Automated snow avalanche release area delineation – validation of existing algorithms and proposition of a new object-based approach for large scale hazard indication mapping
Yves Bühler1, Daniel von Rickenbach1,2, Andreas Stoffel1, Stefan Margreth1, Lukas Stoffel1, and Marc Christen1 1WSL Institute for Snow and Avalanche Research SLF, Davos Dorf, 7260, Switzerland
2Department of Geography, University of Zürich, Zürich, 8057, Switzerland
Abstract. Snow avalanche hazard is threatening people and infrastructure in all alpine regions with seasonal or permanent snow cover around the globe. Coping with this hazard is a big challenge and during the past centuries, different strategies were developed. Today, in Switzerland, experienced avalanche engineers produce hazard maps with a very high reliability based on avalanche cadastre information, terrain analysis, climatological datasets and numerical modelling of the flow dynamics for selected avalanche tracks that might affect settlements. However, for regions outside the considered settlement areas such area-wide hazard maps are not available mainly because of the too high cost, in Switzerland and in most mountain regions around the world. Therefore, hazard indication maps, even though they are less reliable and less detailed, are often the only spatial planning tool available. To produce meaningful and cost-effective avalanche hazard indication maps over large regions (regional to national scale), automated release area delineation has to be combined with volume estimations and state-of-the-art numerical avalanche simulations.

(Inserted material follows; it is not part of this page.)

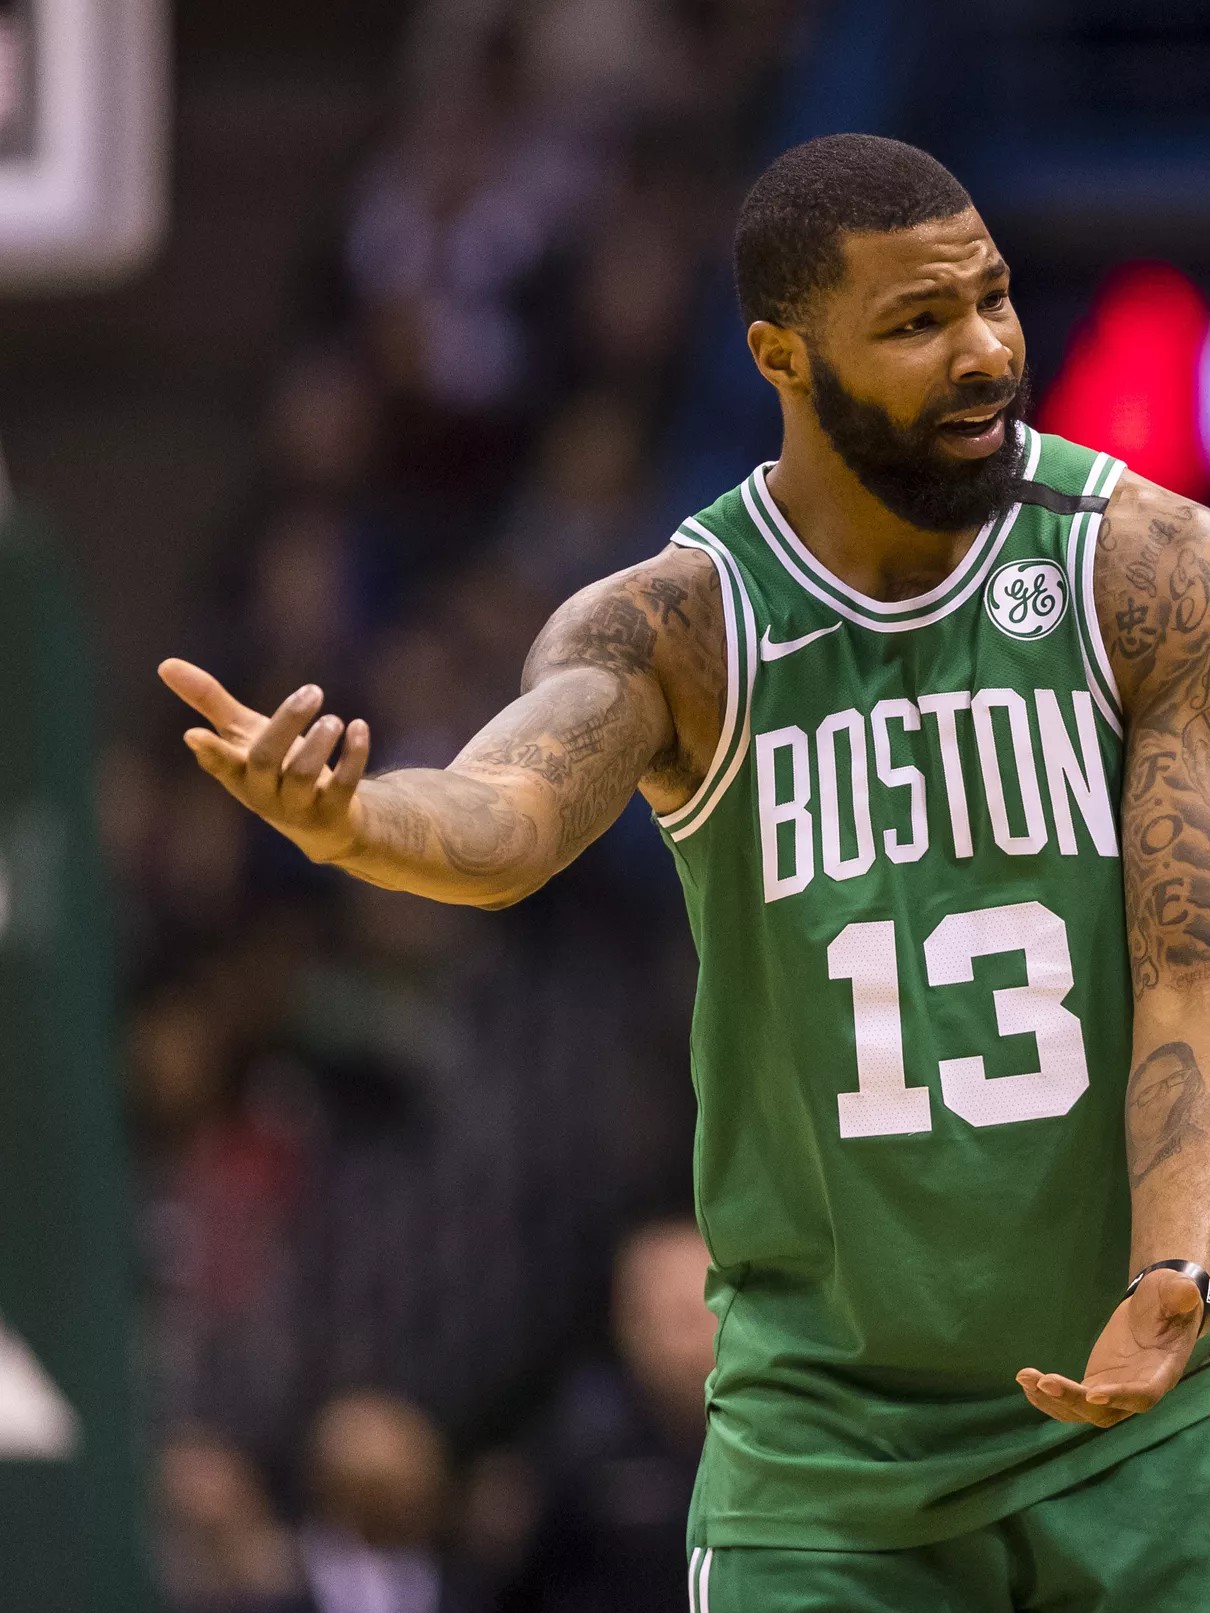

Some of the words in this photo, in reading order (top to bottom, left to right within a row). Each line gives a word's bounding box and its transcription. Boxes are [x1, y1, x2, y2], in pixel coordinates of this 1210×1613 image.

In this paper we validate existing potential release area (PRA) delineation algorithms, published in peer-reviewed journals, that are based on digital terrain models and their derivatives such as slope angle, aspect, roughness and curvature. For validation, we apply avalanche cadastre data from three different ski resorts in the vicinity of Davos, Switzerland, where experienced ski-patrol staff mapped most avalanches in detail since many years. After calculating the best fit input parameters for every tested algorithm, we compare their performance based on the reference datasets. Because all tested algorithms do not provide meaningful delineation between individual potential release areas (PRA), we propose a new algorithm based on object-based image analysis (OBIA). In combination with an automatic procedure to estimate the average release depth (d0), defining the avalanche release volume, this algorithm enables the numerical simulation of thousands of avalanches over large regions applying the well-established avalanche dynamics model RAMMS. We demonstrate this for the region of Davos for two hazard scenarios, frequent (10–30 years return period) and extreme (100–300 years return period). This approach opens the door for large scale avalanche hazard indication mapping in all regions where high quality and resolution digital terrain models and snow data are available.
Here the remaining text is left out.